Work instruction - Print exactly the lines from the line with "this 1250×1875 image." to the last line of the data, please, both included.

Entries shown -
────────────────────────────────────────

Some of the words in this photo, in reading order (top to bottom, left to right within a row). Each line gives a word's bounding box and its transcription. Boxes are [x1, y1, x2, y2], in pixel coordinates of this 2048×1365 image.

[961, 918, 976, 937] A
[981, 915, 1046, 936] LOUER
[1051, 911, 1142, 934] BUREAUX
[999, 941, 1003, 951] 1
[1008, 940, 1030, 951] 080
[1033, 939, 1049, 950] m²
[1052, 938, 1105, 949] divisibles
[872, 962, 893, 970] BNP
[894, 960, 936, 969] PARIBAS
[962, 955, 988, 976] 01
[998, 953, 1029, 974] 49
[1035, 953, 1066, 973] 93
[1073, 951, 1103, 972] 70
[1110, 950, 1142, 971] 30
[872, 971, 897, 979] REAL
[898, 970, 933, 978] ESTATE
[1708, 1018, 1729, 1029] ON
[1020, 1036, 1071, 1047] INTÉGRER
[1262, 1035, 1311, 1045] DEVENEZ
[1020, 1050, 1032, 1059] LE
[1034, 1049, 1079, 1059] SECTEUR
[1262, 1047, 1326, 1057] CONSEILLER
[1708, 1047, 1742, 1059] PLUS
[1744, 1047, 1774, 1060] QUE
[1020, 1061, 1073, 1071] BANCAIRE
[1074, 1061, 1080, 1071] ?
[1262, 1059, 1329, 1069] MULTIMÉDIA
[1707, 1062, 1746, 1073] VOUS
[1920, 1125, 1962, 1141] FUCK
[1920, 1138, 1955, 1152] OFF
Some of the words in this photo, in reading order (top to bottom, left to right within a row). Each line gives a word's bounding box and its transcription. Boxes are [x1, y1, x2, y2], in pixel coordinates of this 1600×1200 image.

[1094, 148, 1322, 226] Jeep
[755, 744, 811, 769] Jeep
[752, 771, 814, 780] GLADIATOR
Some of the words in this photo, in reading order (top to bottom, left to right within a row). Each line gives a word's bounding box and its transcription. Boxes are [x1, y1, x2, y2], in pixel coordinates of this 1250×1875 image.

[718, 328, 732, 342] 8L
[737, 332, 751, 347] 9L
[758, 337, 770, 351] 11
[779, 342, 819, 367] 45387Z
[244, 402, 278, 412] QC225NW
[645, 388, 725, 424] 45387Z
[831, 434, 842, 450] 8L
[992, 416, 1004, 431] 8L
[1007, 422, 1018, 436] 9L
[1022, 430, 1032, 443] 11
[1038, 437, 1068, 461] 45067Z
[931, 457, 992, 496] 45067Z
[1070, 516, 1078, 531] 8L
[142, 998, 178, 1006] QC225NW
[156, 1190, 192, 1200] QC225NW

────────────────────────────────────────

Result below -
Some of the words in this photo, in reading order (top to bottom, left to right within a row). Each line gives a word's bounding box and its transcription. Boxes are [x1, y1, x2, y2], in pixel coordinates of this 1250×1875 image.

[718, 328, 732, 342] 8L
[737, 332, 751, 347] 9L
[758, 337, 770, 351] 11
[779, 342, 819, 367] 45387Z
[244, 402, 278, 412] QC225NW
[645, 388, 725, 424] 45387Z
[831, 434, 842, 450] 8L
[992, 416, 1004, 431] 8L
[1007, 422, 1018, 436] 9L
[1022, 430, 1032, 443] 11
[1038, 437, 1068, 461] 45067Z
[931, 457, 992, 496] 45067Z
[1070, 516, 1078, 531] 8L
[142, 998, 178, 1006] QC225NW
[156, 1190, 192, 1200] QC225NW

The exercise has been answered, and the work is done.